では、一人がわるいことばかりかというともちろんそんなことはない。わかりやすい言葉を使えば、まず自由がある。もっぱら自分のためだけに使うことのできる時間があるというのは、やはり贅沢ですばらしいことと感じる。自由を手にするための担保と思えば、その程度の寂しさ、たかが知れている。
永井荷風もスナフキンも、きっとこの点については同意してくれるのではないか。

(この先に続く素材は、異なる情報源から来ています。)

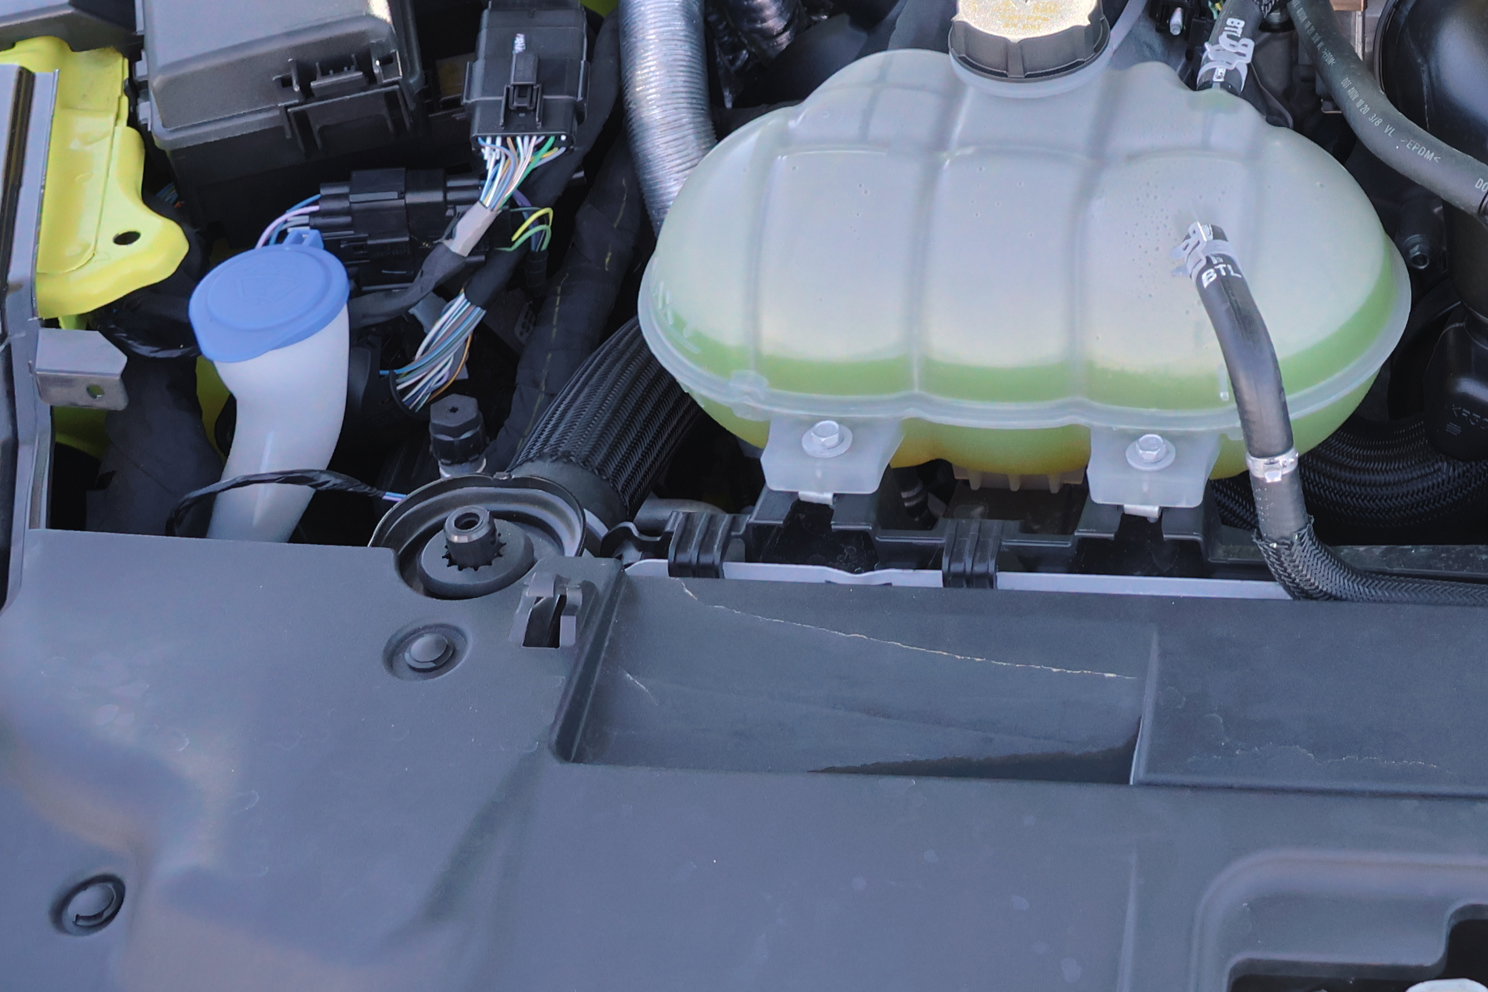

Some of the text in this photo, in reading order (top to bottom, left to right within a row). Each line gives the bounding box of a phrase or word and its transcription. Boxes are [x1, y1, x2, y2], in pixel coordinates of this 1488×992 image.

じっさい、永井荷風やスナフキンくらい達観してしまえばもはや寂しさなど感じなくなるのかもしれない。
寂しさの正体を欠如の感覚、つまり本来あるはずのものがないことからくるよるべなさだとするならば、それが本当にあるべきものなのか、なんとなくあったらいいなといった程度のものなのか、そのあたりはよく考えてみる必要がありそうだ。
もし、自分にとって真にあってしかるべきものならばそれにふさわしい行動をとればよいのだし、たんなる気の迷い(哲学者のアランが言うところの“情念”)にすぎないのであれば笑ってやり過ごせばいい。
答えはシンプル。
それだけにまた、むつかしい。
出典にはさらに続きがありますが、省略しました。